_How to complete this task_
Omit any picture, and return the remaining data exactly as written.

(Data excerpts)
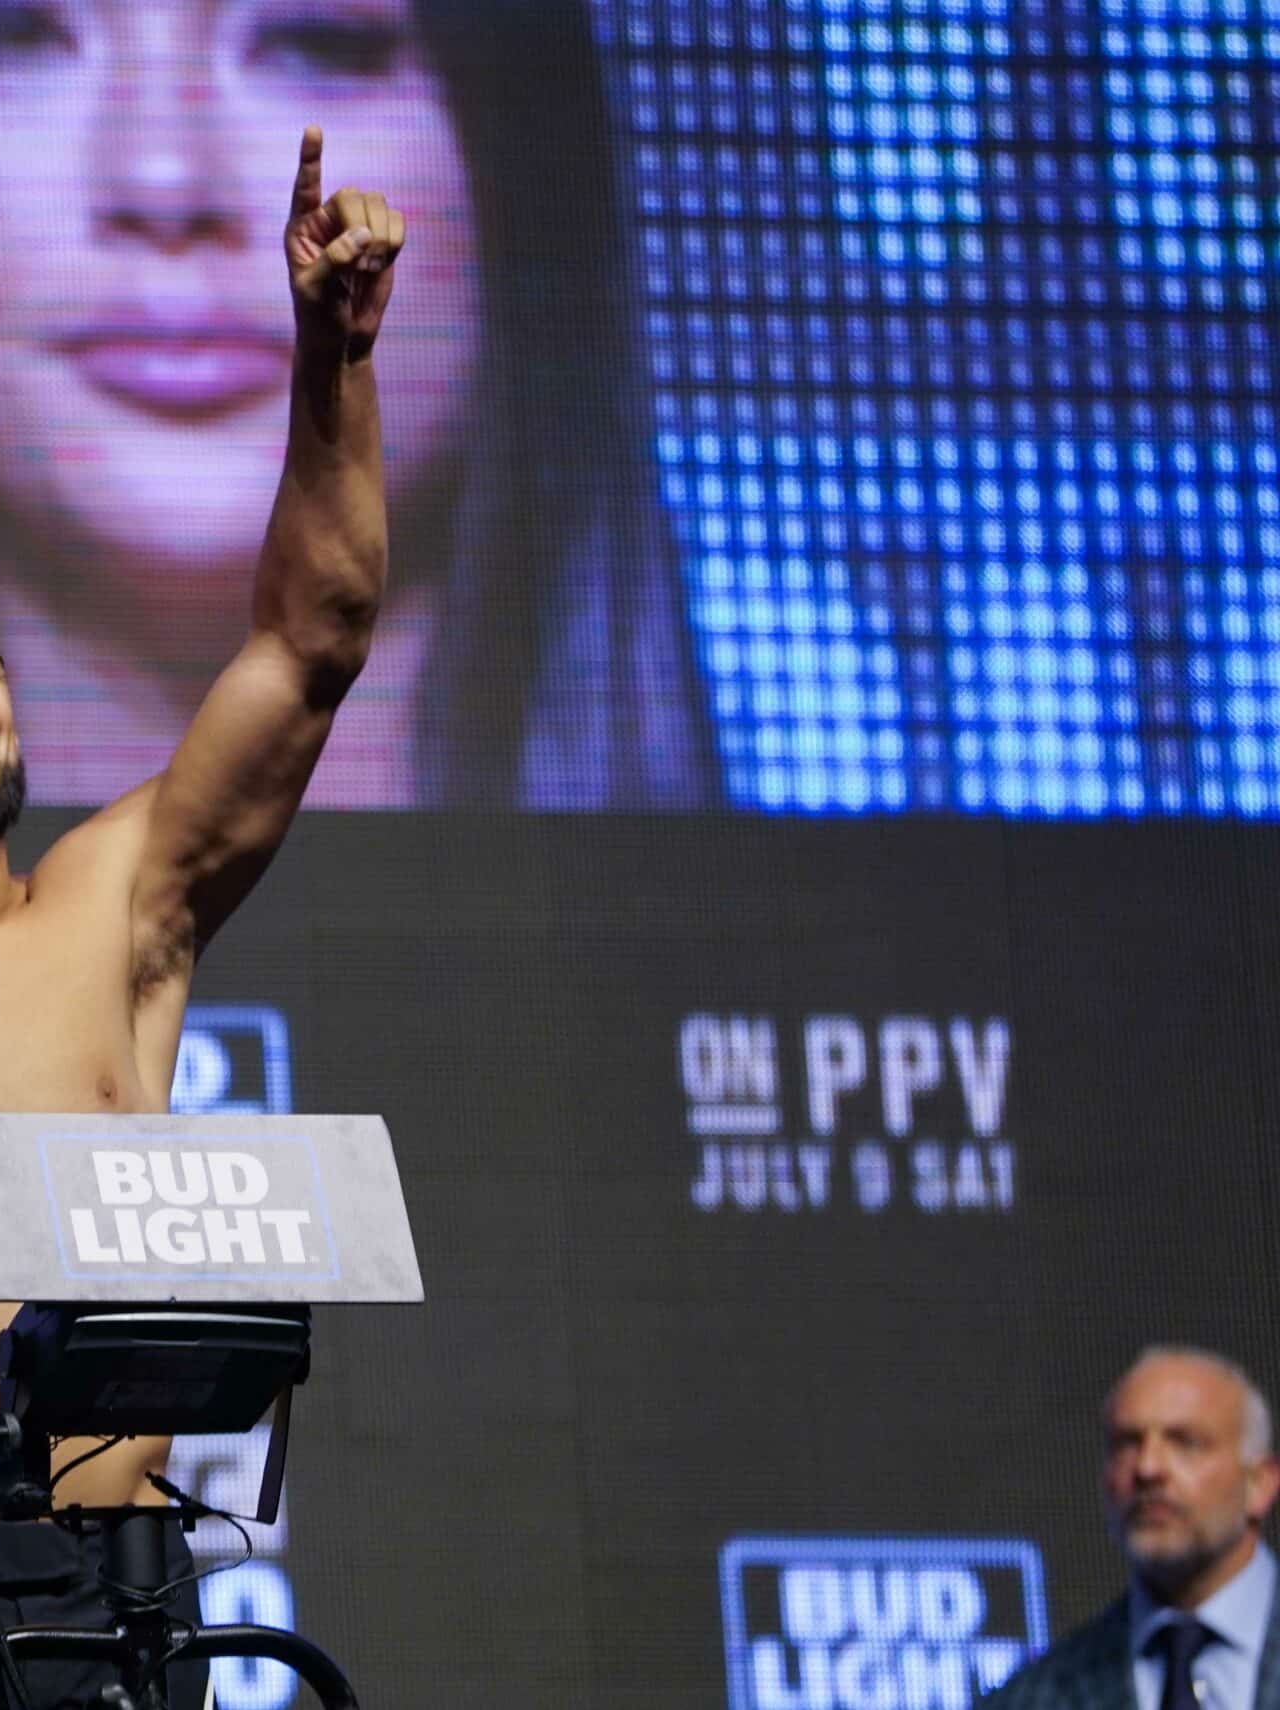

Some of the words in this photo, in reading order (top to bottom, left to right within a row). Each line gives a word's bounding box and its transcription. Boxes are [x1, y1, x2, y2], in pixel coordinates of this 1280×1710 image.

[680, 1014, 778, 1099] ON
[803, 1013, 1012, 1137] PPV
[91, 1150, 270, 1206] BUD
[691, 1141, 833, 1212] JULY
[909, 1141, 1016, 1212] SAT
[70, 1207, 312, 1264] LIGHT
[778, 1565, 987, 1642] BUD
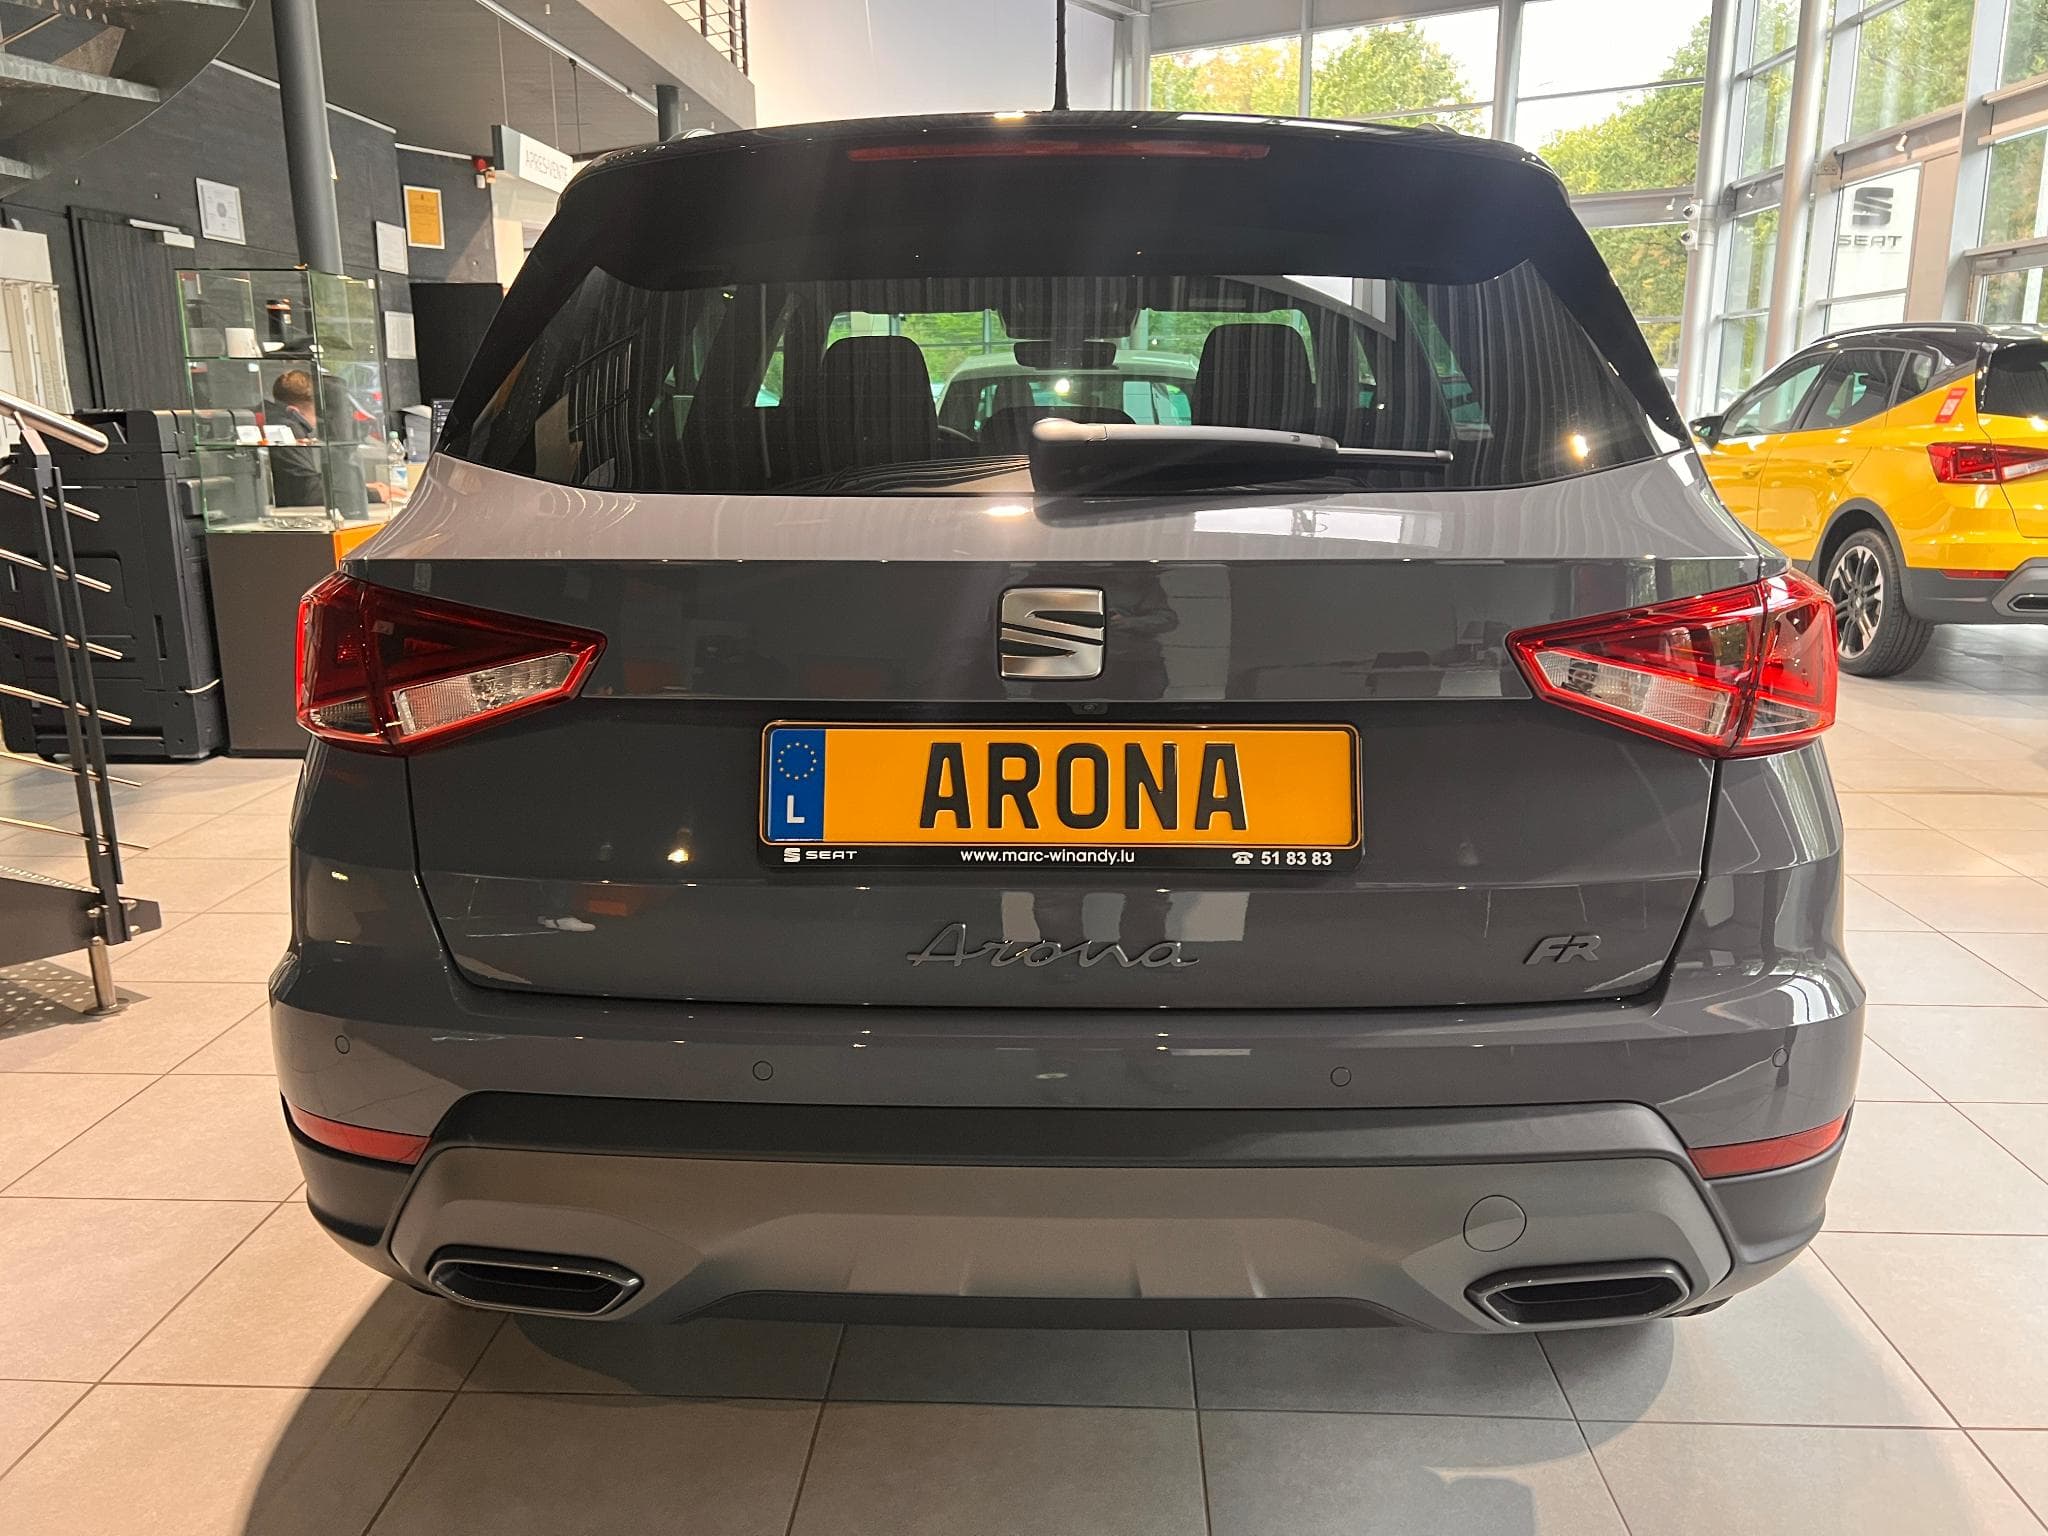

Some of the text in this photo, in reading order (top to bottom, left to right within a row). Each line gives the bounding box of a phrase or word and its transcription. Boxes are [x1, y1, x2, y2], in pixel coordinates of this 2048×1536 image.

[1838, 235, 1903, 248] SEAT
[919, 742, 1248, 830] ARONA
[786, 794, 805, 824] L
[805, 850, 858, 860] SEAT
[960, 848, 1135, 865] www.marc-winandy.lu
[1261, 851, 1333, 866] 51 83 83
[906, 921, 1200, 968] Arona
[1524, 935, 1602, 965] FR
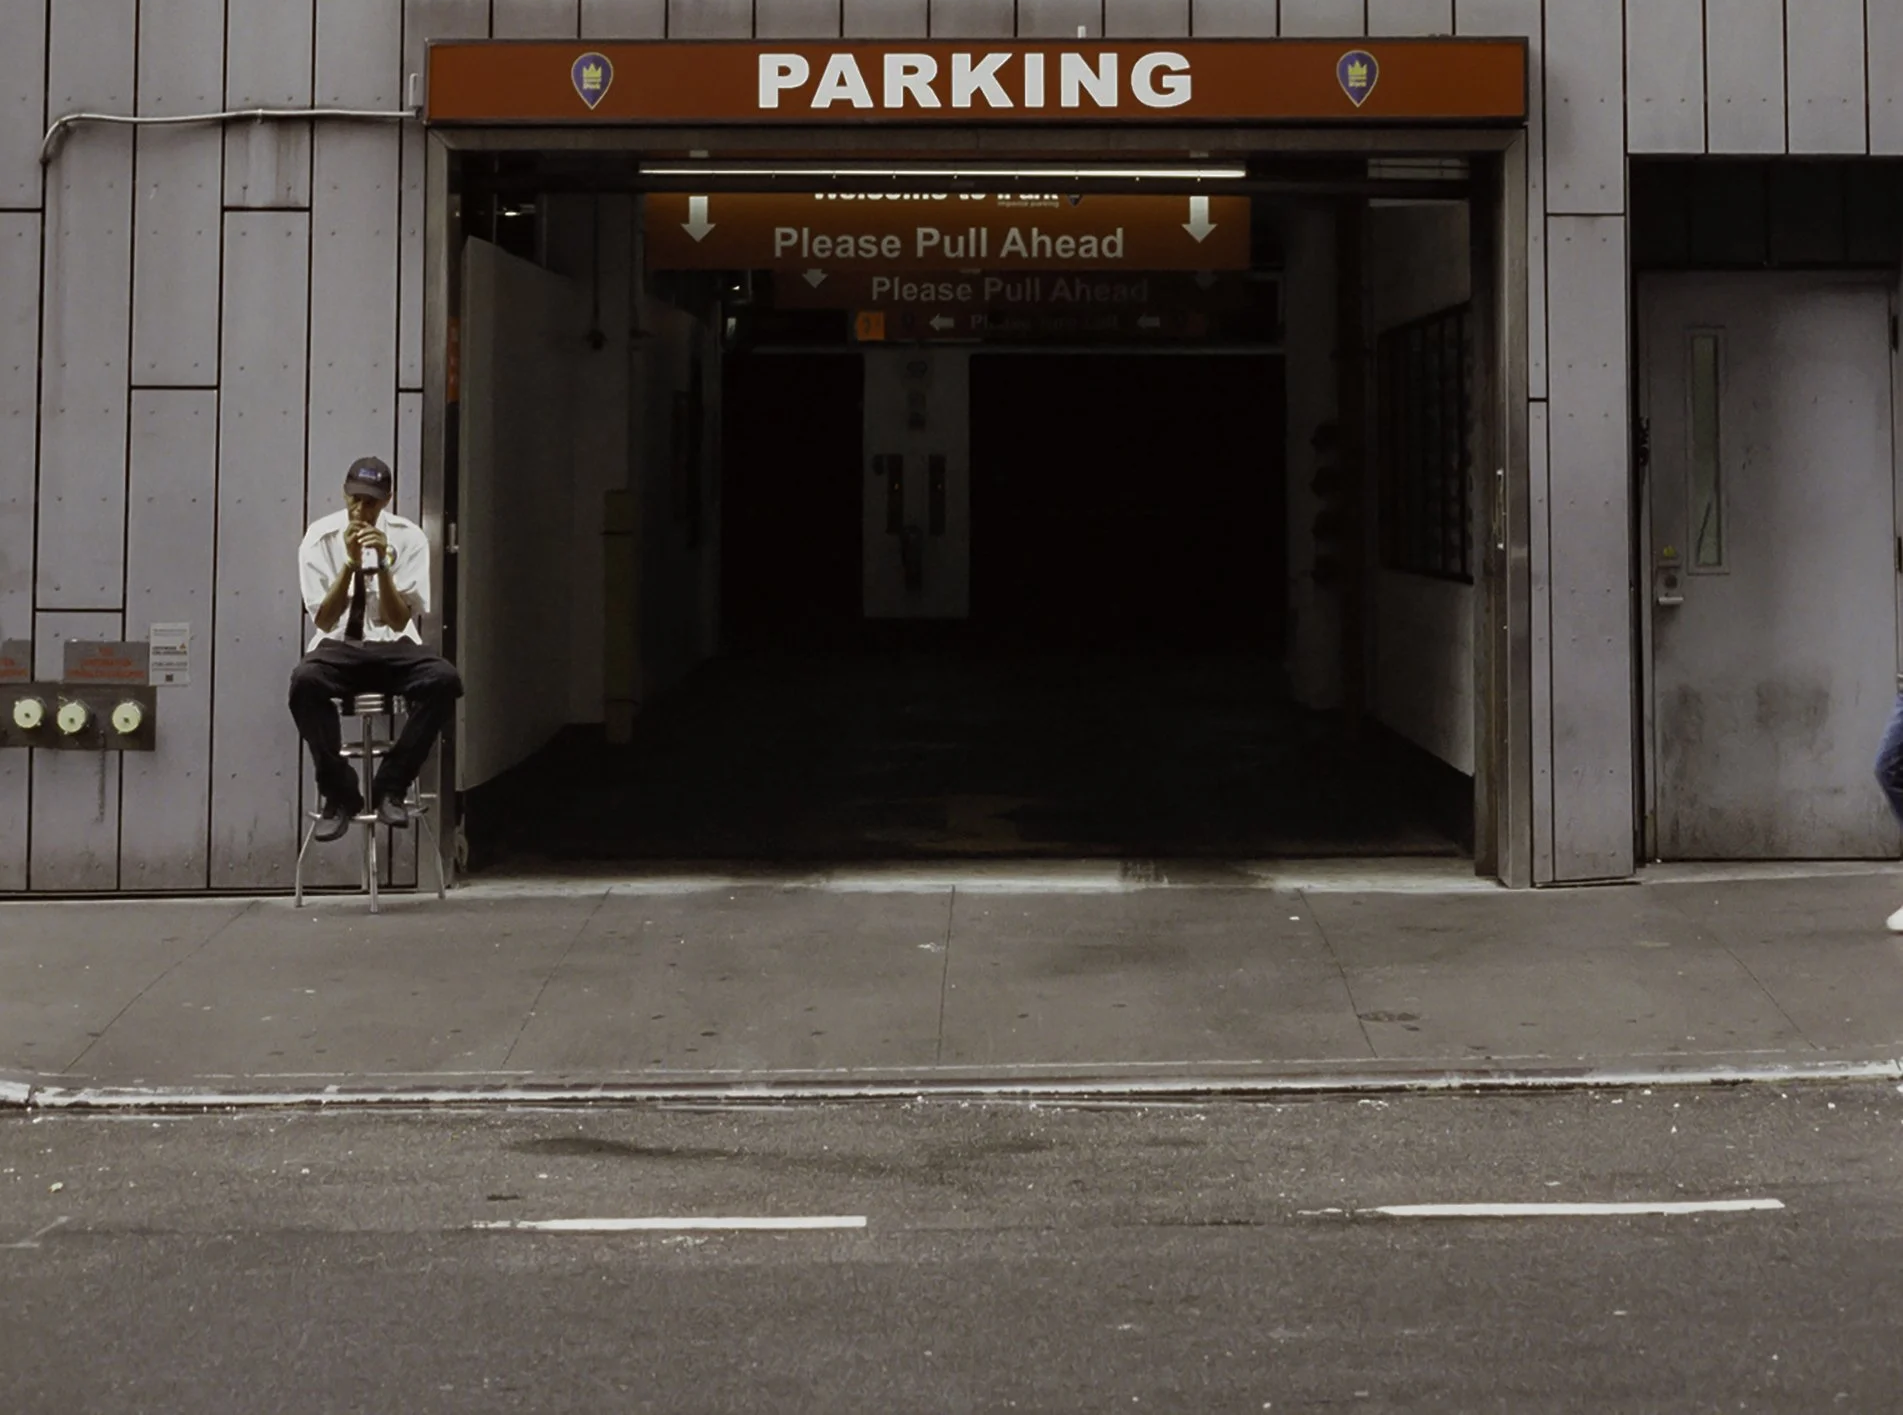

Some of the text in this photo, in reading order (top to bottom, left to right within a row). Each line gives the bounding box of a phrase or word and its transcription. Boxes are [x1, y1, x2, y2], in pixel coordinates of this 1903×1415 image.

_Your response_
Some of the words in this photo, in reading order (top to bottom, left to right within a row). Each line gives a word's bounding box and its transcription. Boxes are [x1, y1, x2, y2], in pixel coordinates of this 1280×1710 image.

[680, 1014, 778, 1099] ON
[803, 1013, 1012, 1137] PPV
[91, 1150, 270, 1206] BUD
[691, 1141, 833, 1212] JULY
[909, 1141, 1016, 1212] SAT
[70, 1207, 312, 1264] LIGHT
[778, 1565, 987, 1642] BUD

Some of the text in this photo, in reading order (top to bottom, left to right within a row). Each line gives the bounding box of a phrase or word and its transcription. Boxes are [x1, y1, x2, y2], in pixel coordinates of this 2048×1536 image.

[1838, 235, 1903, 248] SEAT
[919, 742, 1248, 830] ARONA
[786, 794, 805, 824] L
[805, 850, 858, 860] SEAT
[960, 848, 1135, 865] www.marc-winandy.lu
[1261, 851, 1333, 866] 51 83 83
[906, 921, 1200, 968] Arona
[1524, 935, 1602, 965] FR

Some of the text in this photo, in reading order (top to bottom, left to right within a row). Each line gives the bounding box of a phrase or word and its transcription. Boxes are [x1, y1, x2, y2], in pixel coordinates of this 1903×1415 image.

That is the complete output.